[WHAT IS EXPECTED]:
Transcribe each entry exactly as it appears, leaving out any picture it holds.
[PROVIDED ENTRIES Boundary: Start]
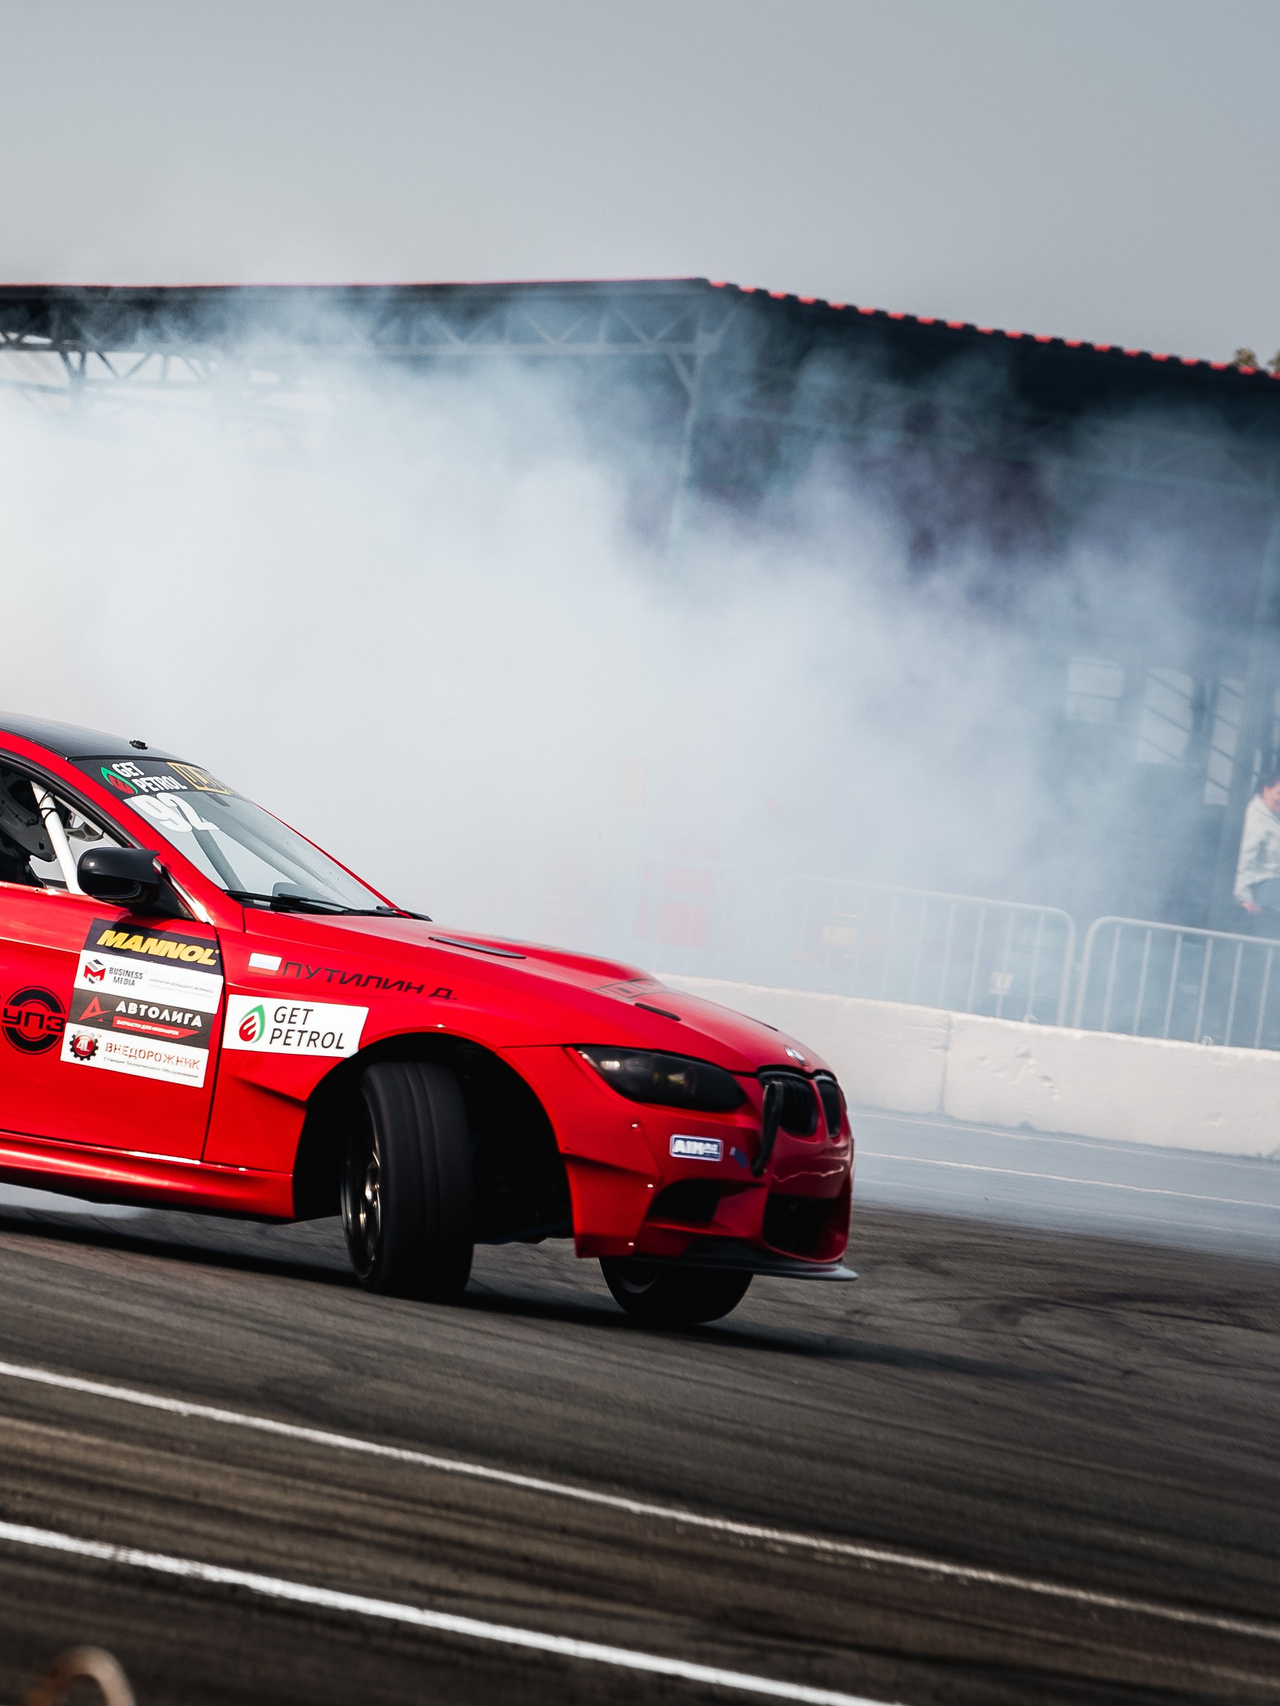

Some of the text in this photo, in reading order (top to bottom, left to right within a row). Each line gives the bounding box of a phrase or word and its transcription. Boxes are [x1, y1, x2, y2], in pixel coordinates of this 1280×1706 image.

[112, 762, 144, 778] GET
[131, 776, 188, 793] PETROL
[123, 792, 220, 832] 92
[96, 929, 217, 966] MANNOL
[109, 967, 143, 980] BUSINESS
[113, 976, 136, 987] MEDIA
[283, 961, 425, 994] ПУТИЛИН
[2, 1008, 66, 1032] УПЗ
[115, 1000, 202, 1028] АВТОЛИГА
[273, 1005, 314, 1026] GET
[269, 1028, 346, 1050] PETROL
[104, 1042, 200, 1070] ВНЕДОРОЖНИК
[PROVIDED ENTRIES Boundary: End]
[RESULT OF THIS EXERCISE]:
Some of the text in this photo, in reading order (top to bottom, left to right within a row). Each line gives the bounding box of a phrase or word and its transcription. Boxes are [x1, y1, x2, y2], in pixel coordinates of this 1280×1706 image.

[112, 762, 144, 778] GET
[131, 776, 188, 793] PETROL
[123, 792, 220, 832] 92
[96, 929, 217, 966] MANNOL
[109, 967, 143, 980] BUSINESS
[113, 976, 136, 987] MEDIA
[283, 961, 425, 994] ПУТИЛИН
[2, 1008, 66, 1032] УПЗ
[115, 1000, 202, 1028] АВТОЛИГА
[273, 1005, 314, 1026] GET
[269, 1028, 346, 1050] PETROL
[104, 1042, 200, 1070] ВНЕДОРОЖНИК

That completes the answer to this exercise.